- ASSIGNMENT -
Copy out every record below exactly as written, but leave out any pictures.

Collection entries:
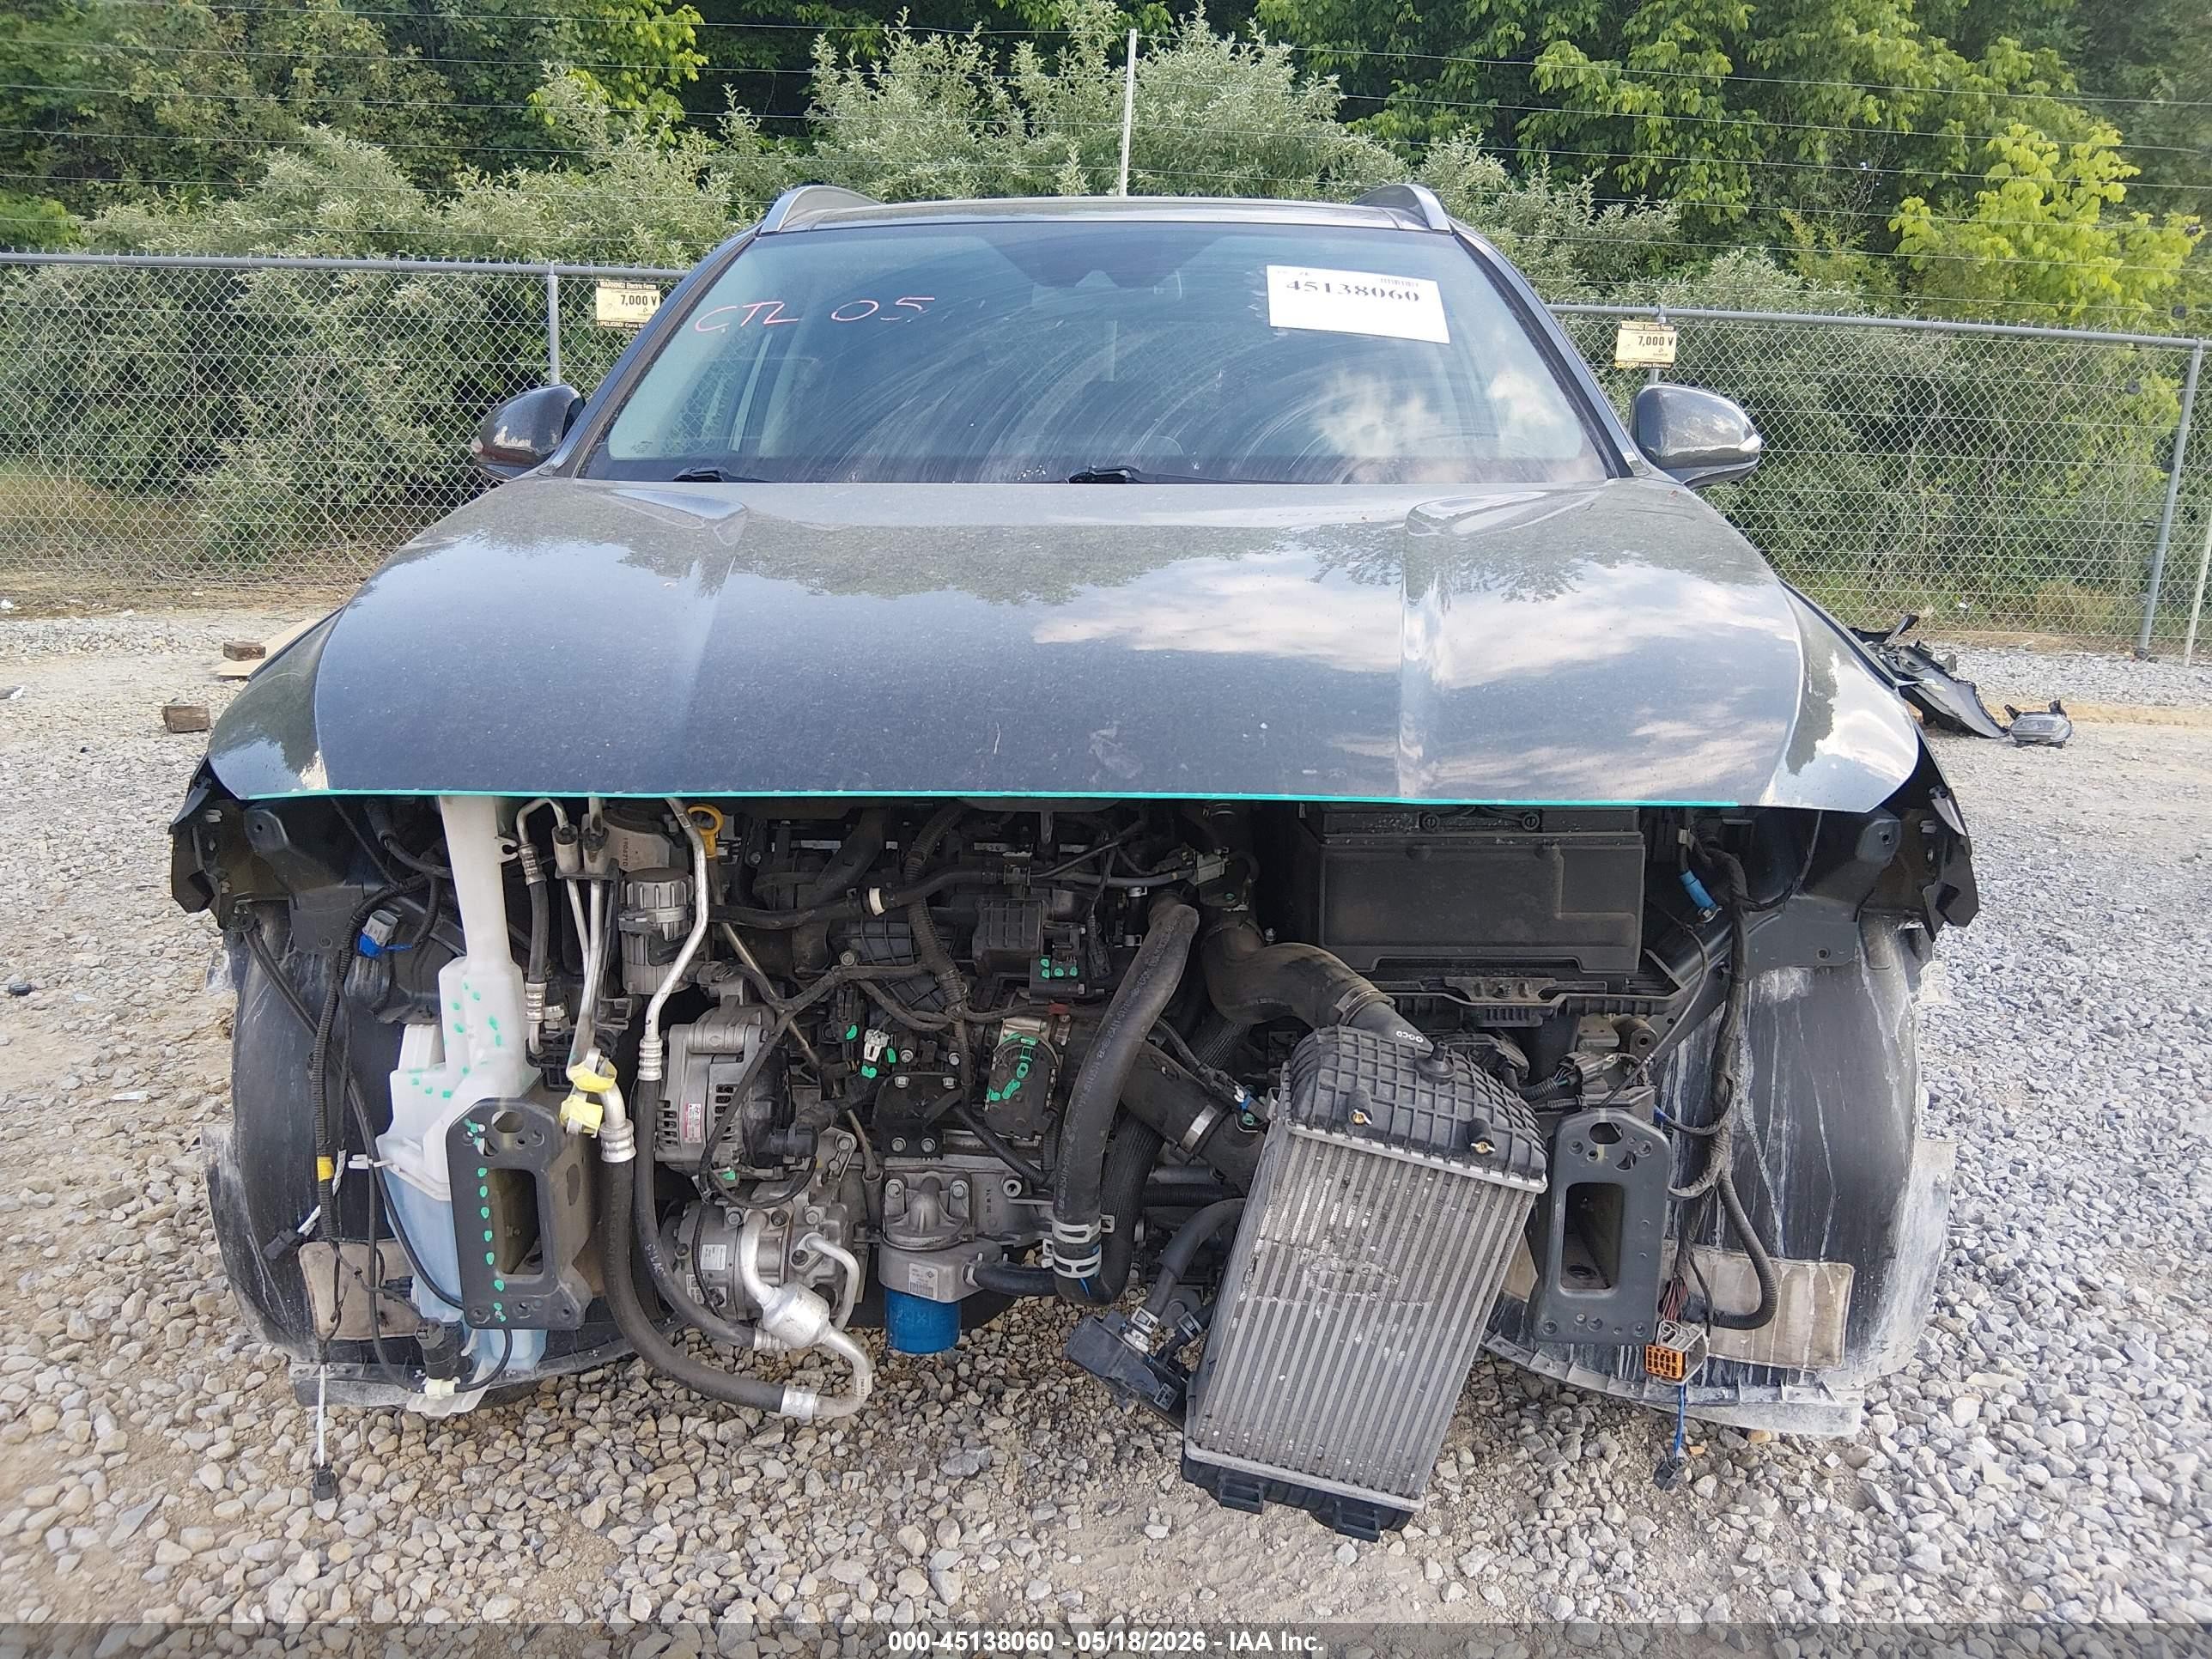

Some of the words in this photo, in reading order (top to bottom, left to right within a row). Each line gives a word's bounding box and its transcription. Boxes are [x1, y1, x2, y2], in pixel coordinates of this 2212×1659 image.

[1286, 279, 1419, 302] 45138060
[621, 295, 647, 307] 7,000
[651, 295, 657, 306] V
[1638, 336, 1665, 348] 7,000
[1668, 336, 1674, 346] V

- EXERCISE RESPONSE -
Some of the words in this photo, in reading order (top to bottom, left to right within a row). Each line gives a word's bounding box and its transcription. Boxes are [x1, y1, x2, y2], in pixel coordinates of this 2212×1659 image.

[1286, 279, 1419, 302] 45138060
[621, 295, 647, 307] 7,000
[651, 295, 657, 306] V
[1638, 336, 1665, 348] 7,000
[1668, 336, 1674, 346] V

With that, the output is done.